12.7 Investigations and Cooperation with Law Enforcement. We reserve the right, without any limitation, to: (i) investigate any suspected breaches of its Services security or its information technology or other systems or networks, (ii) investigate any suspected breaches of the Agreement, (iii) investigate any information obtained by us in connection with reviewing law enforcement databases or complying with criminal laws, (iv) involve and cooperate with law enforcement authorities in investigating any of the foregoing matters, (v) prosecute violators of the Agreement, and (vi) discontinue the Service, in whole or in part, or, suspend or terminate your access to it, in whole or in part, including any user accounts or registrations, at any time, without notice, for any reason and without any obligation to you or any third party.

12.8 Survival. Any suspension or termination will not affect your obligations to us under the Agreement.
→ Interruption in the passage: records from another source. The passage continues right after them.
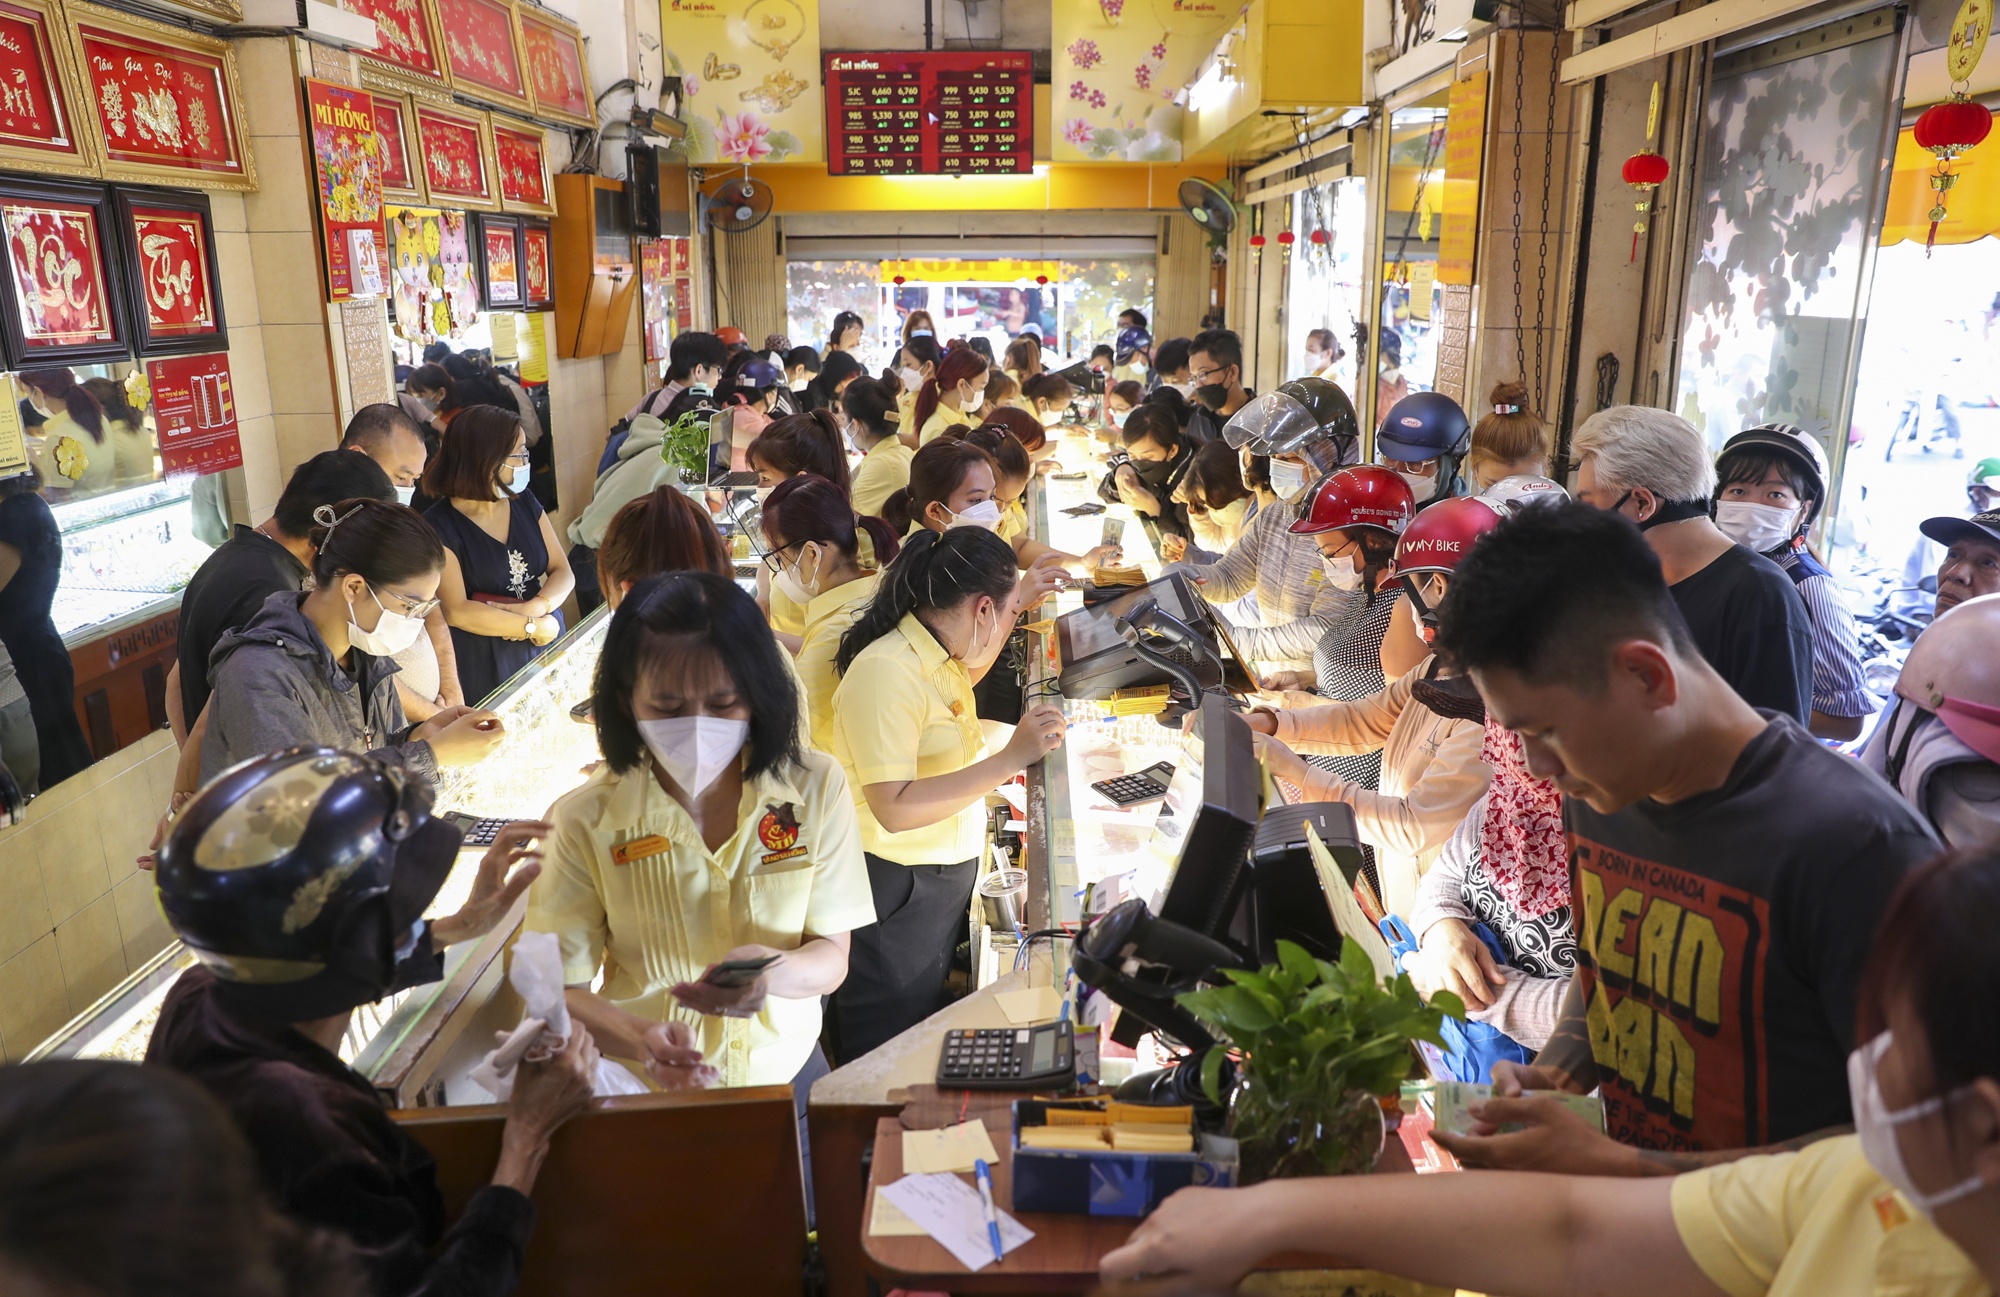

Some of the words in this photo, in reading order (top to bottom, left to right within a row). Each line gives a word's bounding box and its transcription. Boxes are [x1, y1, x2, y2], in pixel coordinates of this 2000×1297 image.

[0, 31, 22, 54] húc
[124, 56, 144, 76] Gia
[847, 87, 861, 96] SJC
[871, 87, 892, 97] 6,660
[897, 87, 919, 97] 6,760
[943, 86, 959, 95] 999
[968, 86, 989, 96] 5,430
[994, 86, 1016, 96] 5,530
[333, 99, 371, 131] HỒNG
[848, 111, 862, 120] 985
[872, 111, 893, 120] 5,330
[898, 111, 919, 120] 5,430
[945, 110, 959, 119] 750
[968, 110, 989, 120] 3,870
[994, 110, 1015, 120] 4,070
[849, 135, 864, 144] 980
[873, 135, 894, 144] 5,300
[898, 135, 920, 145] 5,400
[944, 134, 960, 143] 680
[968, 134, 989, 144] 3,390
[994, 134, 1015, 144] 3,560
[850, 159, 864, 168] 950
[873, 159, 894, 168] 5,100
[906, 158, 913, 167] 0
[945, 158, 960, 167] 610
[968, 158, 990, 168] 3,290
[994, 158, 1016, 168] 3,460
[359, 241, 375, 266] 31
[1376, 509, 1393, 517] GOING
[1392, 510, 1400, 518] TO
[1415, 538, 1435, 552] MY
[1436, 539, 1461, 552] BIKE
[1597, 851, 1630, 875] BORN
[1632, 863, 1648, 881] IN
[1650, 870, 1706, 900] CANADA
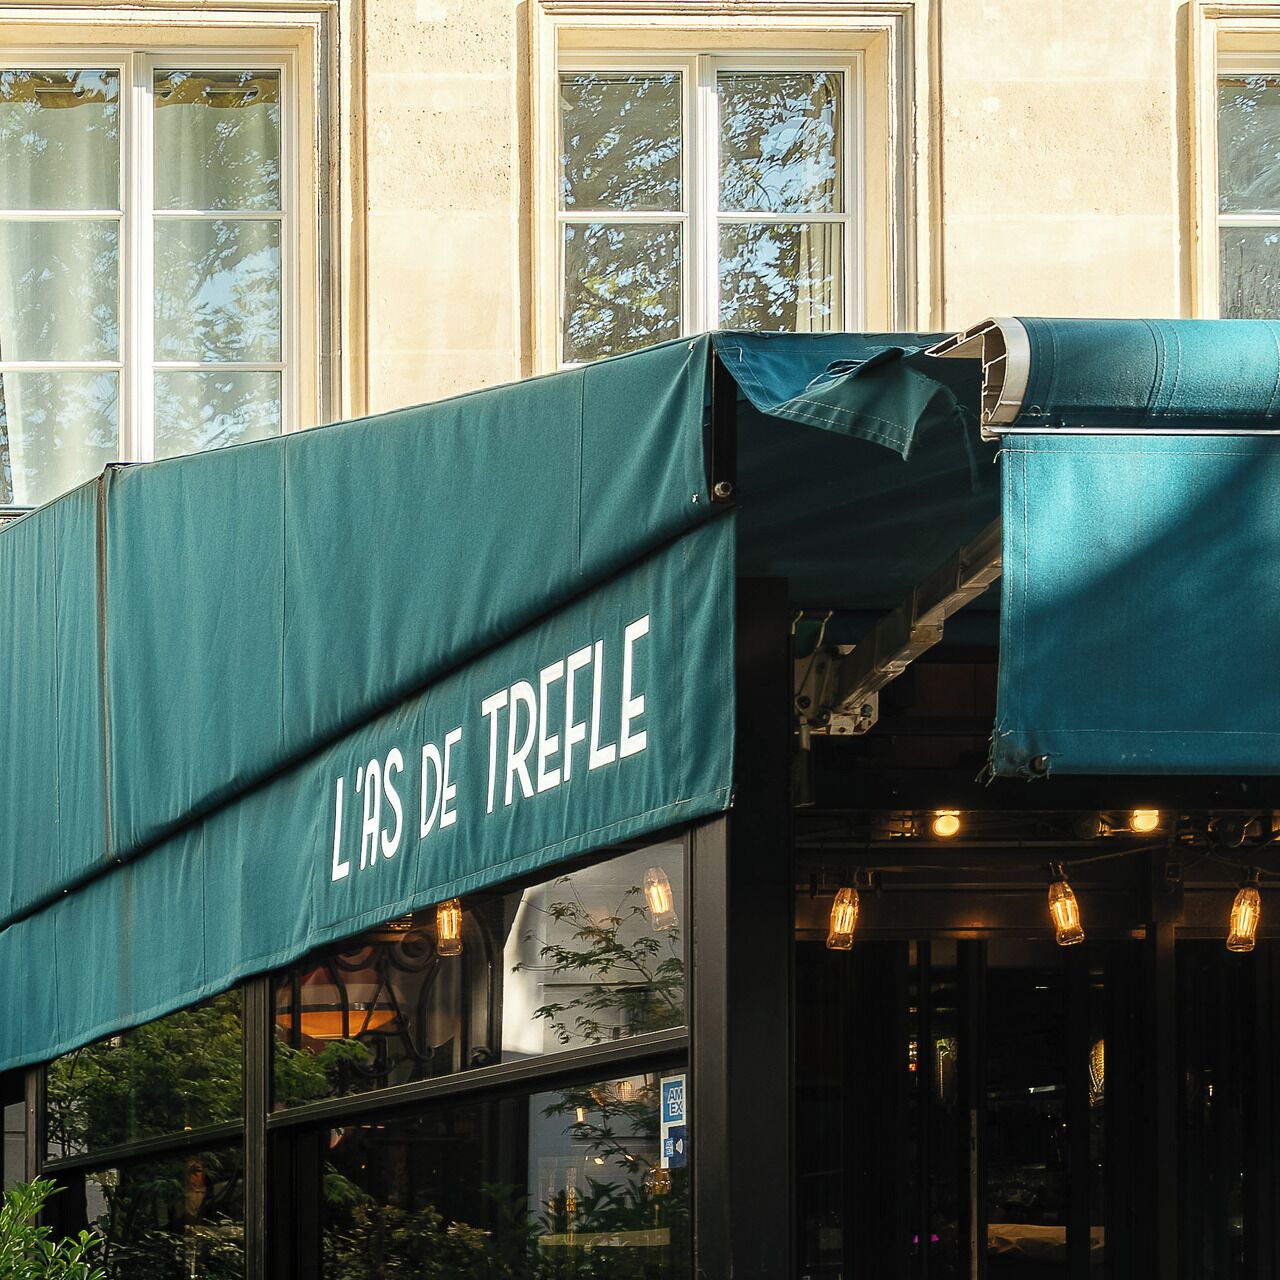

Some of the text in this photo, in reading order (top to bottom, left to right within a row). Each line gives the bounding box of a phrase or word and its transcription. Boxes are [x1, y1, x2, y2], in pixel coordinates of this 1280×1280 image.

[331, 613, 650, 882] L'AS DE TREFLE
[668, 1087, 683, 1103] AM
[670, 1102, 683, 1115] EX
Upon suspension or termination of your access to the Services, or upon notice from us, all rights granted to you under the Agreement will cease immediately, and you agree that you will immediately discontinue use of the Service. The provisions of the Agreement, which by their nature should survive your suspension or termination will survive, including the rights and licenses you grant to us in the Agreement, as well as the indemnities, releases, disclaimers, and limitations on liability and the provisions regarding jurisdiction, choice of law, no class action, and mandatory arbitration.

12.9 No Waiver. Except as expressly set forth in the Agreement : (i) no failure or delay by you or us in exercising any of rights, powers, or remedies hereunder will operate as a waiver of that or any other right, power, or remedy, and (ii) no waiver or modification of any term of the Agreement will be effective unless in writing and signed by the party against whom the waiver or modification is sought to be enforced. For avoidance of doubt, nothing herein shall be construed to restrict our right to amend the Agreement as otherwise permitted in those agreements.
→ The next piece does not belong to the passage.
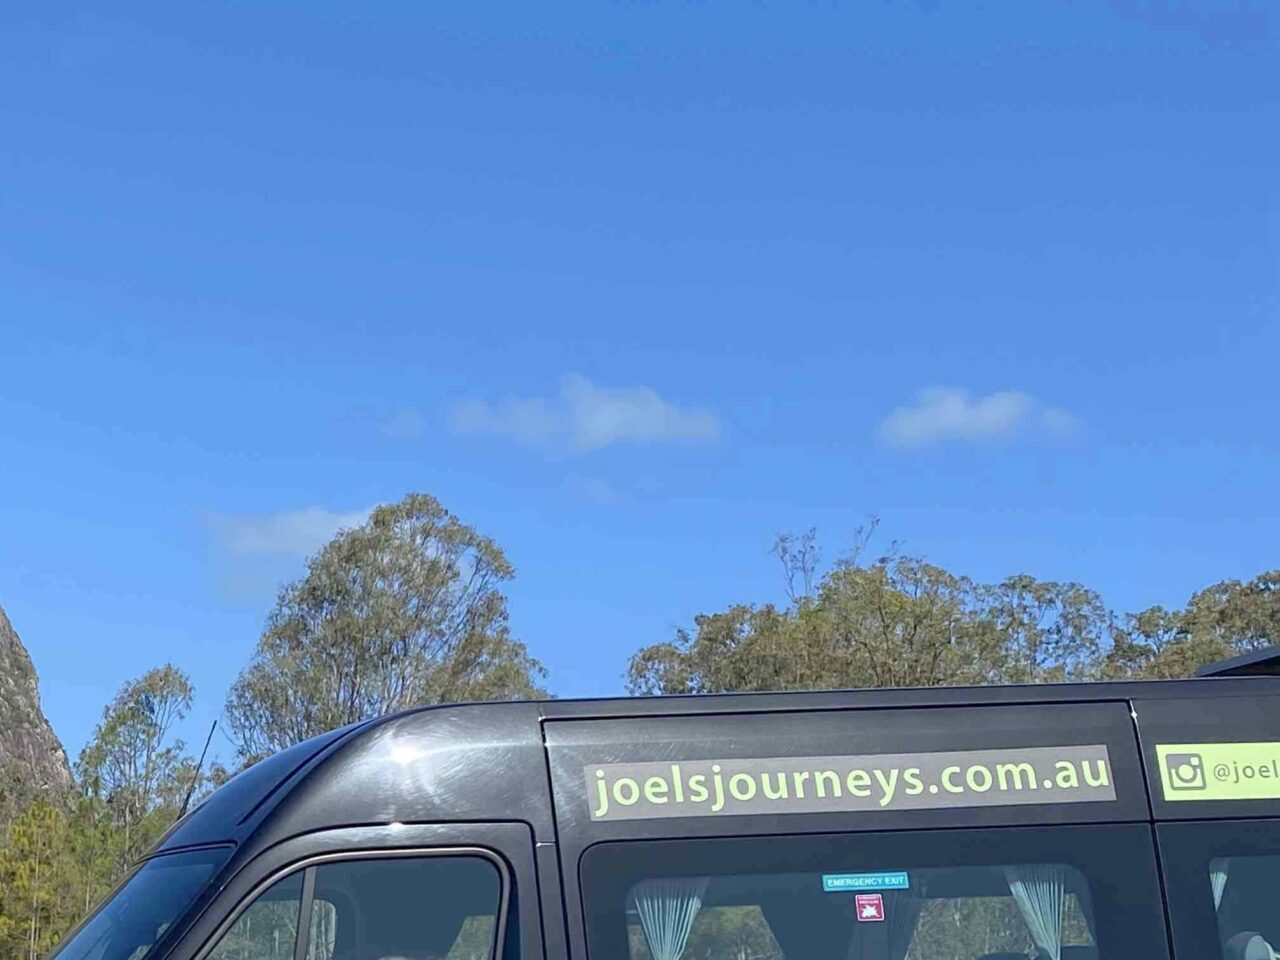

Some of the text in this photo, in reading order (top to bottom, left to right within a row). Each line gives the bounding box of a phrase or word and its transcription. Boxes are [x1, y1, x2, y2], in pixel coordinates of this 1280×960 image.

[594, 759, 1110, 818] joelsjourneys.com.au
[827, 876, 904, 887] EMERGENCY EXIT
12.10 Governing law. The Agreement and your use of the Services shall be governed by the substantive laws of the State of Delaware without reference to its choice or conflicts of law principles. All disputes arising between you and us under the Agreement shall be subject to the exclusive jurisdiction of the state and federal courts located in New Castle County, Delaware, and the parties each hereby submit to the personal jurisdiction and venue of these courts.

12.11 Notice. For any notices under the Agreement, we will contact you through email and, at our sole discretion, through notifications within the services. For notices by you to us, you can contact us through direct message on our social media accounts or email us at [email protected].
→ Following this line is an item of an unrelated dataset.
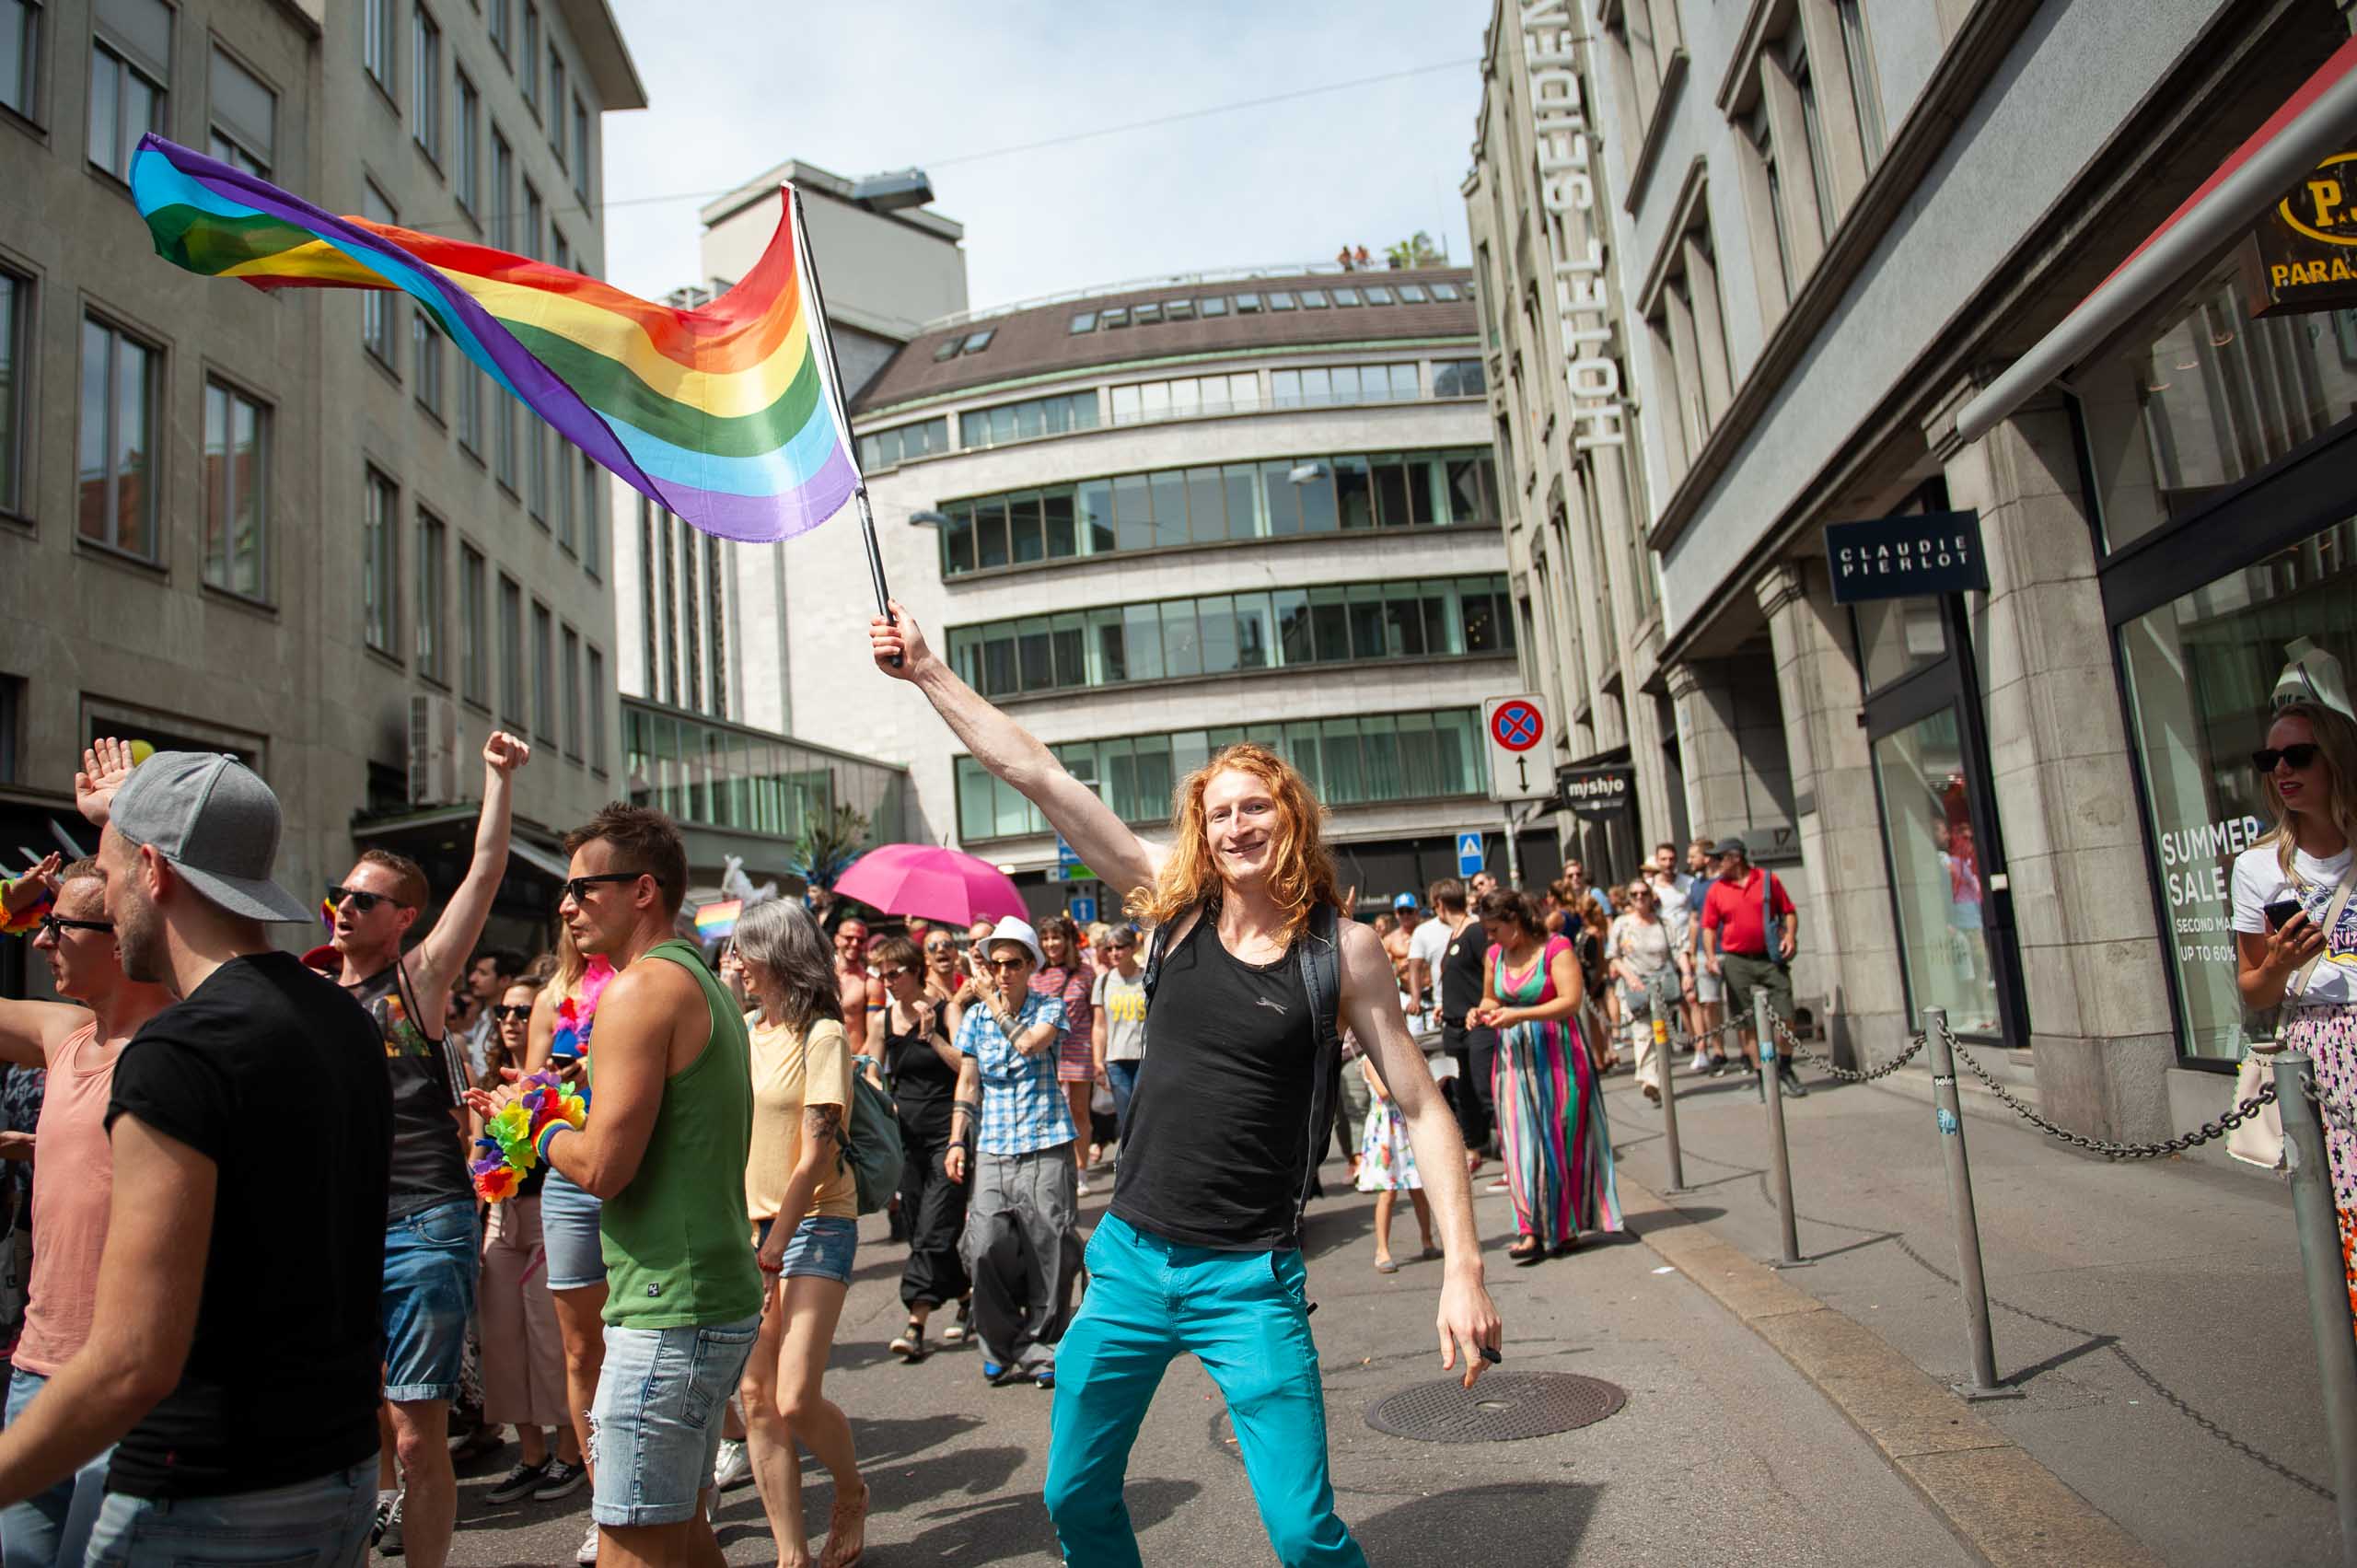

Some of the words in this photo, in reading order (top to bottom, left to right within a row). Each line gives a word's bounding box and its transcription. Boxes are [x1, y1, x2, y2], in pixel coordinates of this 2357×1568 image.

12.12 Force Majeure. Cobrand is not responsible or liable to Customer for any delay or failure to perform its obligations hereunder that is due to an event beyond Cobrand’s reasonable control, including but not limited to, acts of God, equipment failure, threatened or actual terrorist acts, air raid, act of public enemy, war (declared or undeclared), civil disturbance, insurrection, riot, epidemic, pandemic, fire, explosion, earthquake, flood, hurricane, unusually severe weather, blackout, embargo, labor dispute or strike (whether legal or illegal), labor or material shortage, transportation interruption of any kind, work slowdown, any law, rule, regulation, action, order, or request adopted, taken, or made by any governmental or quasi-governmental entity (whether or not such governmental act proves to be invalid).

12.13 Use of Customer Name. Cobrand may list Customer as a customer and include Customer’s name, logo, and trademark on Cobrand’s website and marketing materials indicating Customer’s use of the Services. Cobrand may, at its sole discretion, invite Customer to offer testimonials, participate in case studies, or similar. Such invitations are optional and Customer’s participation is entirely voluntary.